Summer work brings extra hazards that can wear crews down fast. High heat, direct sun, hot surfaces, heavy work, humidity, and long hours can lead to dehydration, heat exhaustion, heat stroke, sunburn, and poor decision-making. When workers get overheated, they lose focus, slow down, and are more likely to make mistakes around ladders, tools, equipment, traffic, and material handling.
Today’s talk is about summer construction safety and what crews need to do to work safely in hot conditions. We will cover why this matters, common warm-weather hazards, and the steps that help prevent heat-related illness and other summer jobsite incidents.
Why This Matters
- Heat stress can affect judgment, energy, coordination, and reaction time.
- Dehydrated workers are more likely to get dizzy, cramp up, and lose focus.
- Hot weather can make routine tasks more dangerous, especially during lifting, climbing, and equipment work.
- Sun exposure can cause painful burns and add to overall fatigue during the shift.
- Heat illness can turn serious fast if warning signs are missed or ignored.
Common Hazards
- Working in direct sun for long periods with little shade or airflow.
- Heavy lifting, demolition, roofing, concrete work, and other high-exertion tasks in hot conditions.
- Hot enclosed spaces, attics, crawlspaces, mechanical rooms, and other areas with poor ventilation.
- Burn risk from hot metal, equipment surfaces, tools, and materials left in the sun.
- Reduced focus around moving equipment, elevated work, and power tools as workers overheat.
- Skipping water breaks because the crew wants to keep production moving.

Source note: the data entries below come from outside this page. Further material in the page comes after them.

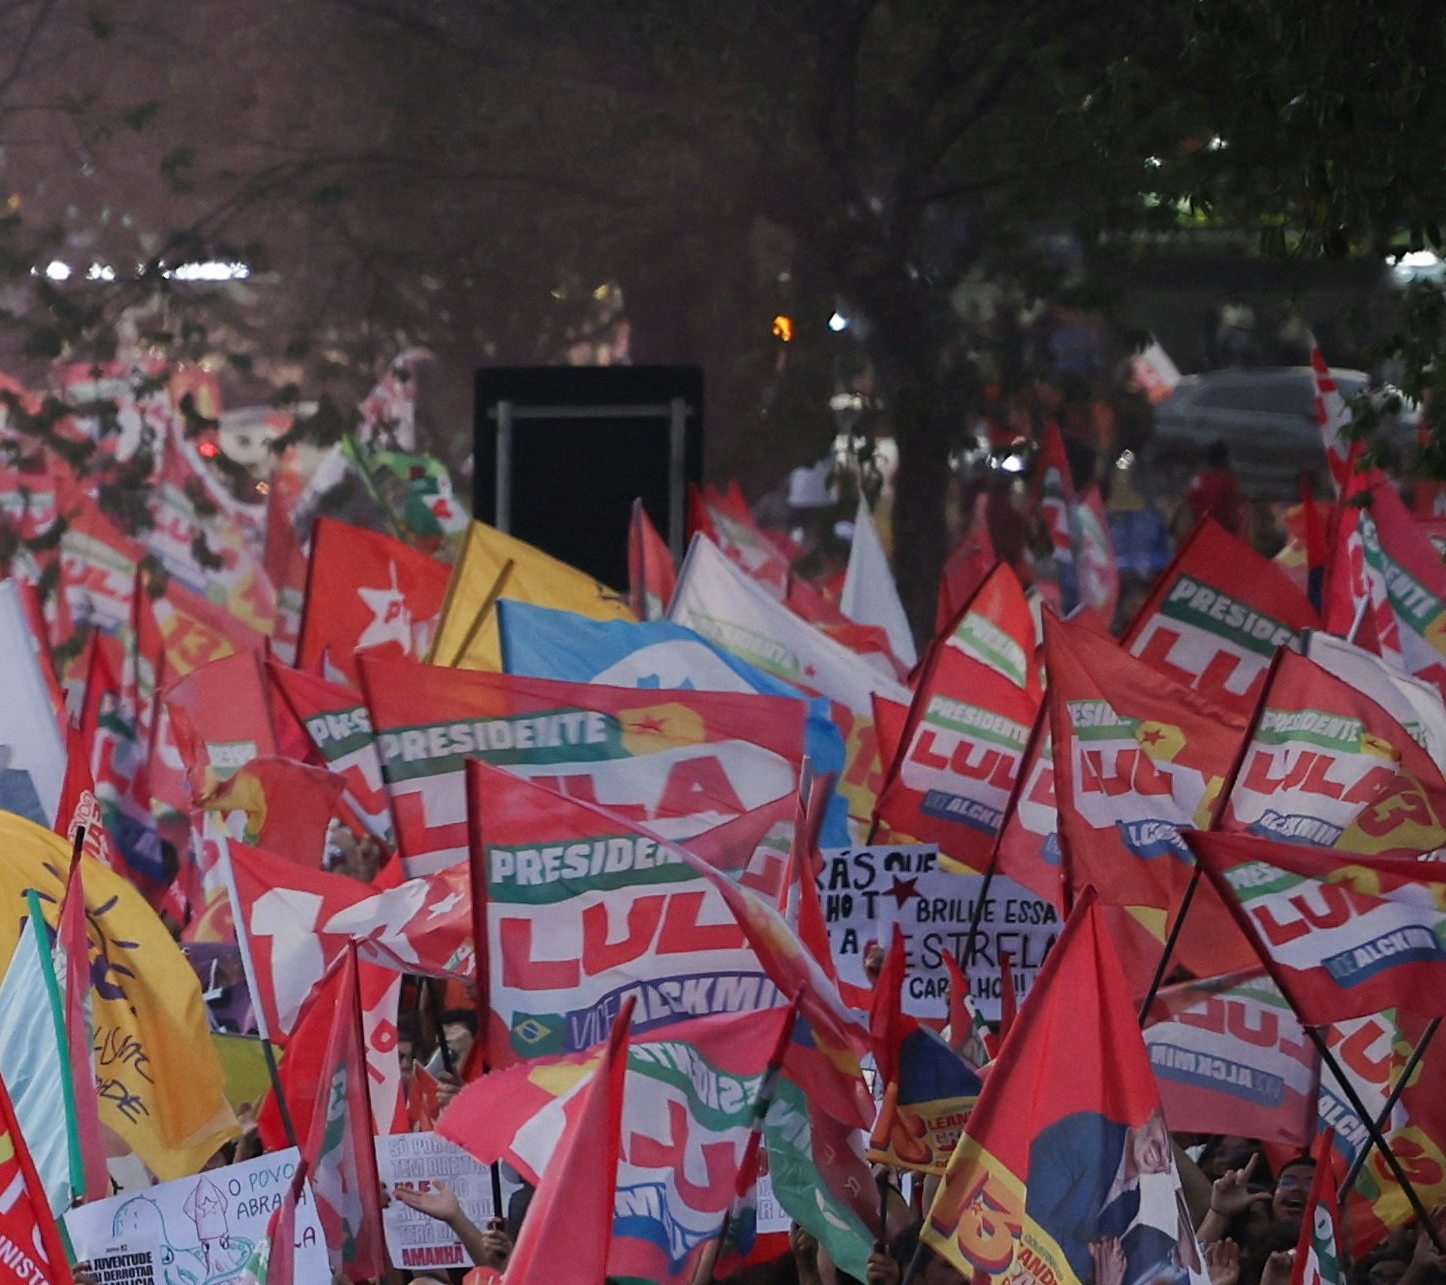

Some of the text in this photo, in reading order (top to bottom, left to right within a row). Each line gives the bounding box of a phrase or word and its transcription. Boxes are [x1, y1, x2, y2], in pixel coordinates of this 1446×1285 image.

[379, 711, 608, 765] PRESIDENTE
[1005, 898, 1058, 925] ESSA
[499, 890, 750, 991] LUL
[228, 1162, 295, 1197] O POVO
[237, 1188, 307, 1221] ABRAA
[92, 1251, 153, 1274] JUVENTUDE
[102, 1265, 154, 1283] DERROTAR
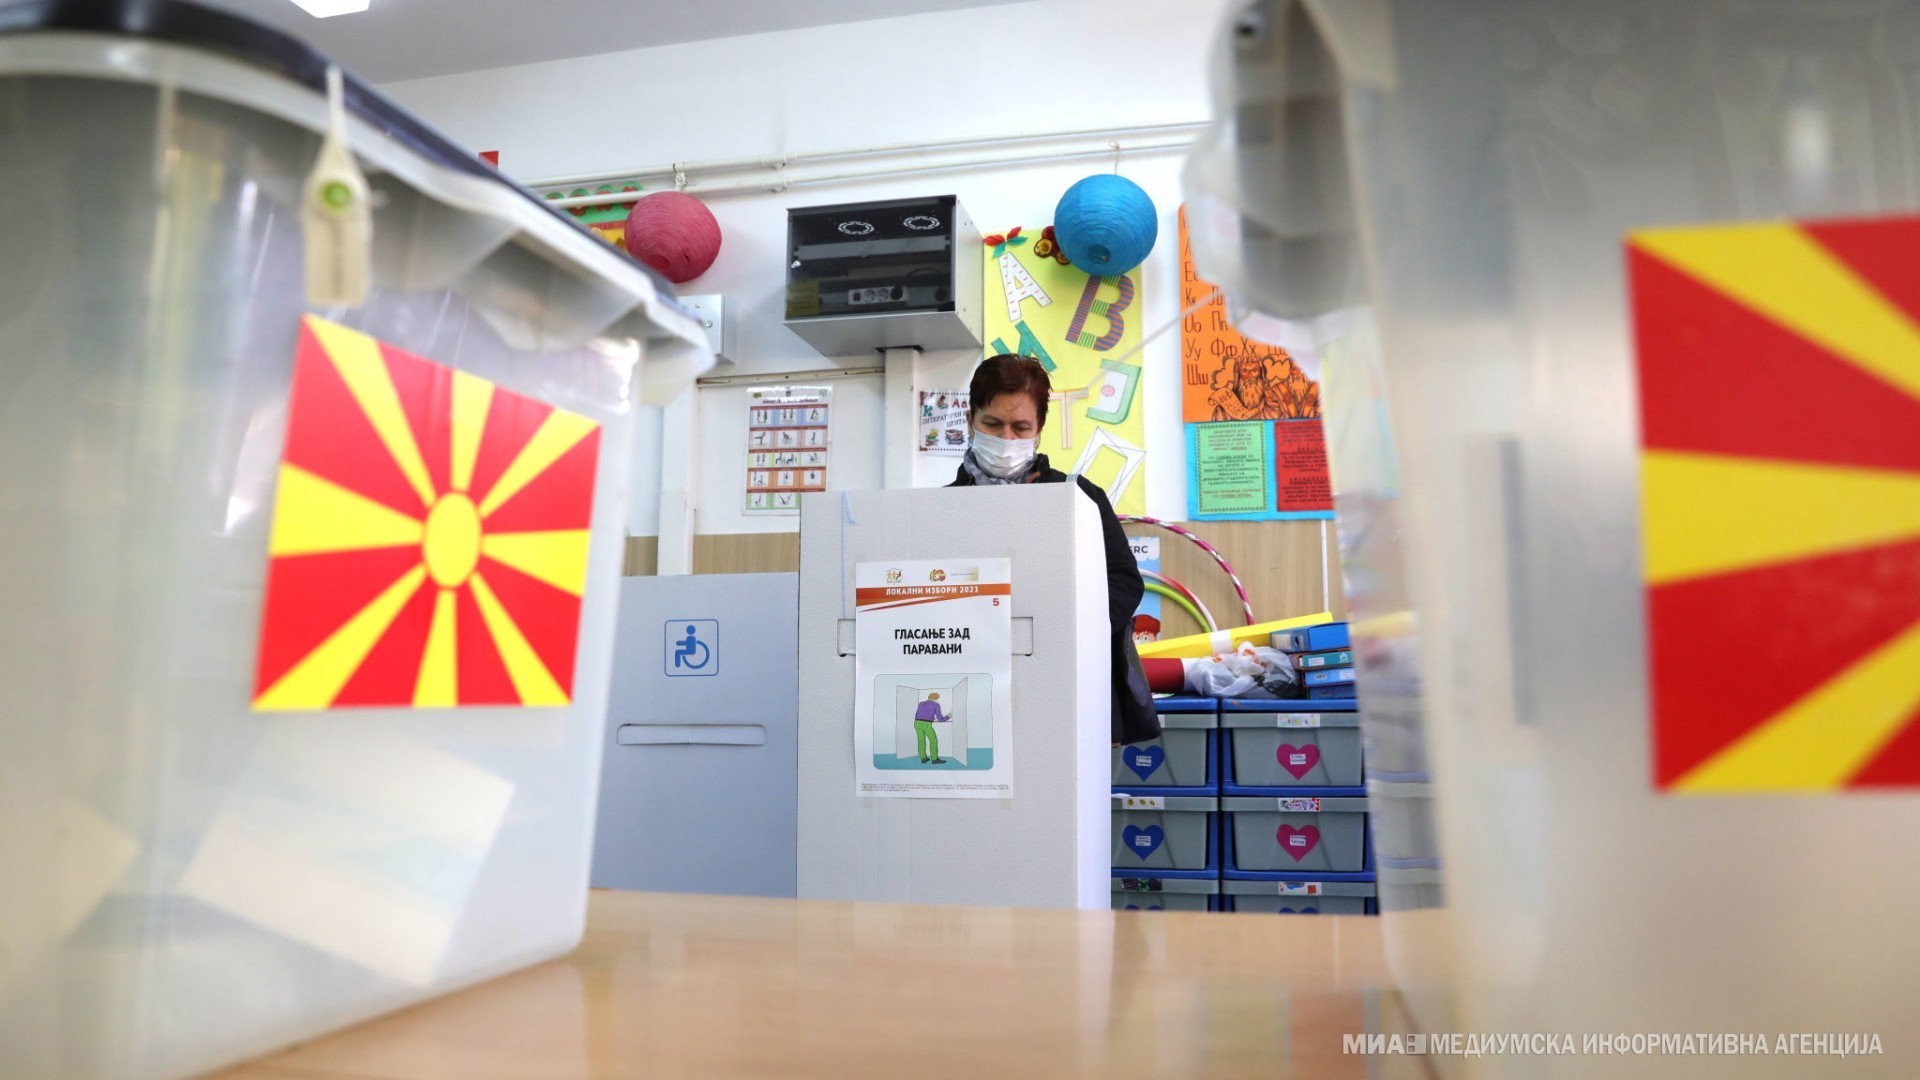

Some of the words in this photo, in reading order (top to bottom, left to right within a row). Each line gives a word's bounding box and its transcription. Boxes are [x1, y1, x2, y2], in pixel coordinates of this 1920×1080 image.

[1187, 364, 1208, 386] Шш
[885, 587, 923, 595] ЛОКАЛНИ
[925, 586, 957, 594] ИЗБОРИ
[992, 598, 1000, 607] 5
[894, 628, 946, 640] ГЛАСАЊЕ
[948, 628, 970, 640] ЗАД
[903, 643, 962, 655] ПАРАВАНИ

- Cloud cover making the crew think conditions are safe even though humidity and trapped heat are still driving heat stress.
Safety Checklist
Before Work Begins
- Check the day’s temperature, humidity, and work conditions before starting.
- Plan heavier work for earlier hours when possible.
- Set up water, shade, and break areas where workers can cool down.
- Review signs of heat illness and who to notify if someone starts showing symptoms.
- Make sure new workers and anyone returning after time away are eased into hot-weather work.
During Work
- Drink water regularly throughout the shift, not just when you feel thirsty.
- Take breaks in shade or cooler areas before heat stress builds up.
- Wear appropriate clothing, sun protection, and PPE that fits the job and weather.
- Watch for signs like heavy sweating, cramps, dizziness, headache, nausea, confusion, or unusual fatigue.
- Use buddy checks so workers are watching each other for heat stress symptoms.
- Slow the pace when heat and humidity start affecting safe work.
- Get medical help immediately if a worker shows signs of heat stroke or stops responding normally.
Crew Talking Points
- What tasks today will create the most heat stress for this crew?
- Where can we cool down quickly if someone starts showing symptoms?
- Are we drinking enough water before fatigue and cramps start?
- Which work areas have the worst sun exposure or poor ventilation?
- Who on the crew may be at higher risk today because of new assignment, heavy work, or recent time away from the job?
- Bring up any concerns now about heat, hydration, shade, pace of work, or workers showing signs of heat illness.
Stop Work If
- A worker shows signs of heat exhaustion or heat stroke.
- Someone becomes confused, dizzy, unsteady, or stops sweating normally.
- The crew does not have enough water, shade, or recovery time for the conditions.
- Heat is affecting safe operation of tools, equipment, vehicles, or elevated work.
- Production pressure is causing workers to ignore heat illness symptoms.
Final Reminder
Summer hazards can build fast and hit hard. Drink water, use shade, watch each other, and act early before heat turns into an emergency.